> Input for this task
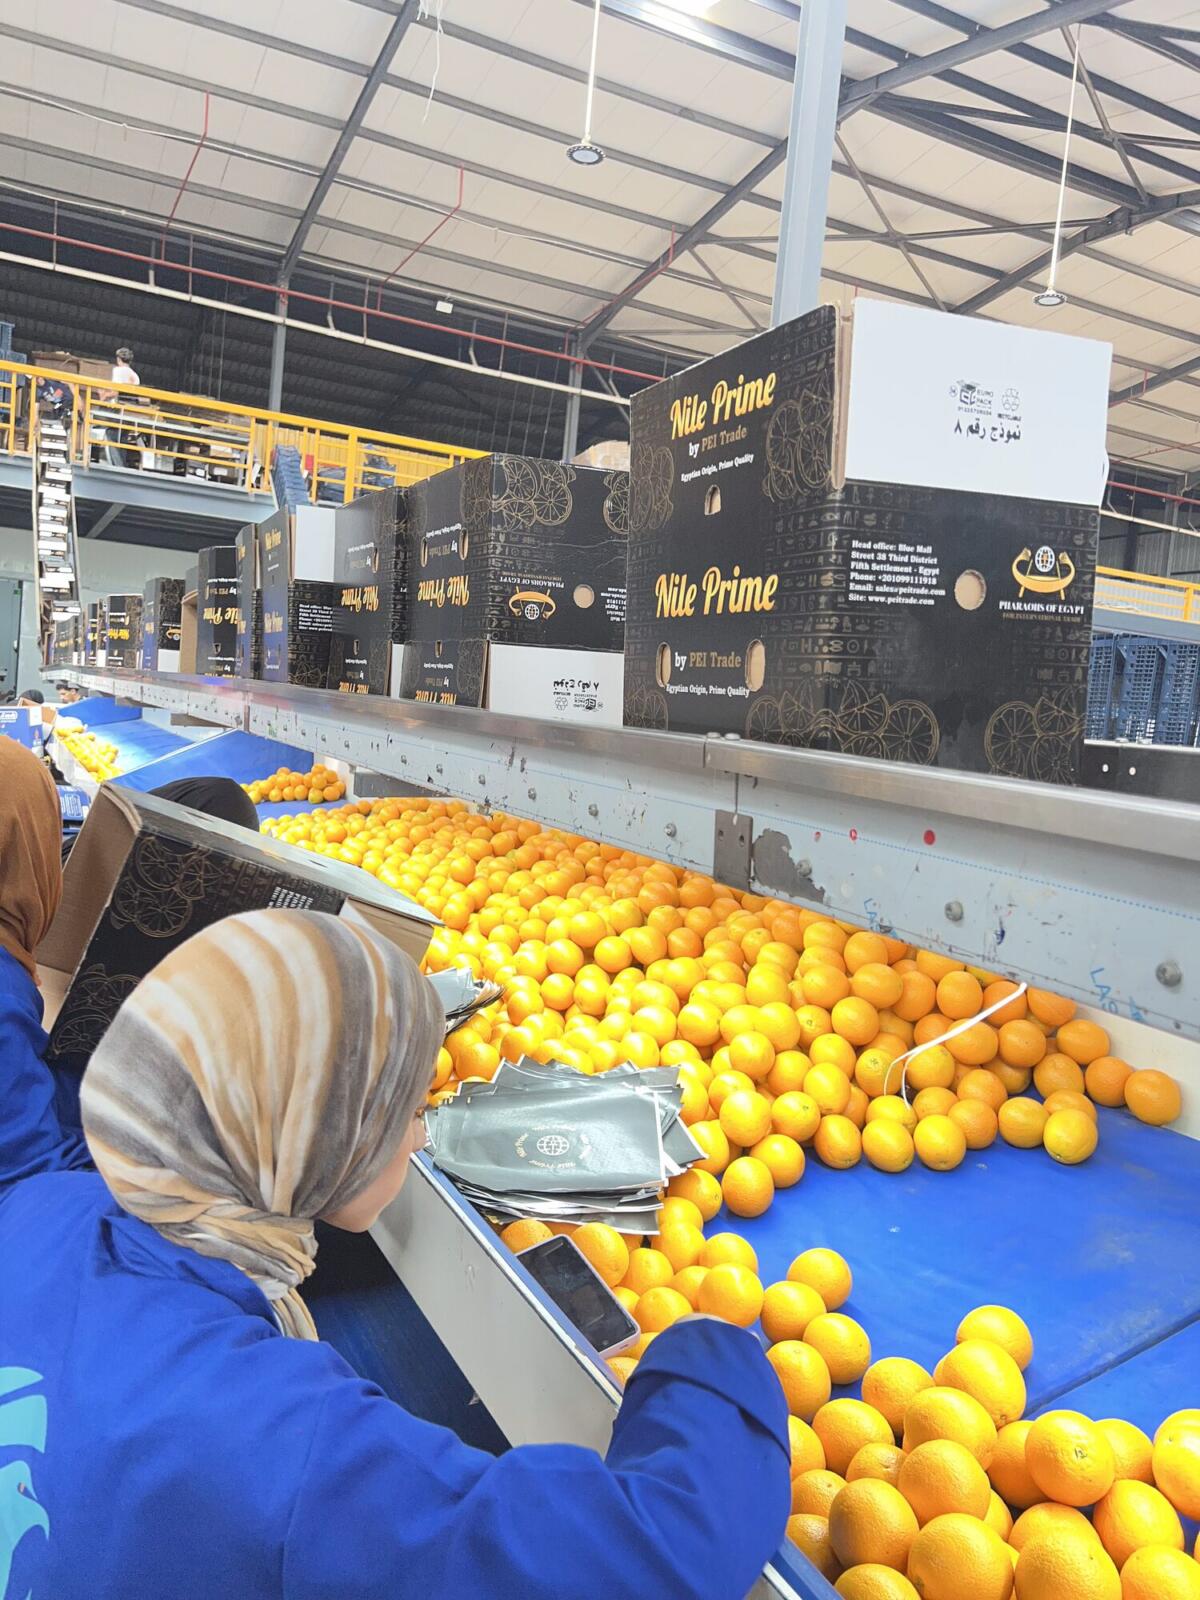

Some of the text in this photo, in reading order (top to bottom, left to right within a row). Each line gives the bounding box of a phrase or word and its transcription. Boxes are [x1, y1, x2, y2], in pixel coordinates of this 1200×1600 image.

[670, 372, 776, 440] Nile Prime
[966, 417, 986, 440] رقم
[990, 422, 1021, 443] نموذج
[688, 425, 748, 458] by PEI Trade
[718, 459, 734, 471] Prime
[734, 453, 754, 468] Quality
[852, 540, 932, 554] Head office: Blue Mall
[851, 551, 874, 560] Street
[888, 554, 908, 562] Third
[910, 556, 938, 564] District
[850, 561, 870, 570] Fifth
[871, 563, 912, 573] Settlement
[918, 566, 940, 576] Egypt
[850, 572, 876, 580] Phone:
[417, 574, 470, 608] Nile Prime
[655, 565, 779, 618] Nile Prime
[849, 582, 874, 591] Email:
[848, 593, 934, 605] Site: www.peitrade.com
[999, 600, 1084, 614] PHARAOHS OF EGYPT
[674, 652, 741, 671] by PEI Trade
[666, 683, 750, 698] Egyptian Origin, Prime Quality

> Instructions for the task
Your copy should match the material above exactly, minus its pictures.

> Output
Some of the text in this photo, in reading order (top to bottom, left to right within a row). Each line gives the bounding box of a phrase or word and its transcription. Boxes are [x1, y1, x2, y2], in pixel coordinates of this 1200×1600 image.

[670, 372, 776, 440] Nile Prime
[966, 417, 986, 440] رقم
[990, 422, 1021, 443] نموذج
[688, 425, 748, 458] by PEI Trade
[718, 459, 734, 471] Prime
[734, 453, 754, 468] Quality
[852, 540, 932, 554] Head office: Blue Mall
[851, 551, 874, 560] Street
[888, 554, 908, 562] Third
[910, 556, 938, 564] District
[850, 561, 870, 570] Fifth
[871, 563, 912, 573] Settlement
[918, 566, 940, 576] Egypt
[850, 572, 876, 580] Phone:
[417, 574, 470, 608] Nile Prime
[655, 565, 779, 618] Nile Prime
[849, 582, 874, 591] Email:
[848, 593, 934, 605] Site: www.peitrade.com
[999, 600, 1084, 614] PHARAOHS OF EGYPT
[674, 652, 741, 671] by PEI Trade
[666, 683, 750, 698] Egyptian Origin, Prime Quality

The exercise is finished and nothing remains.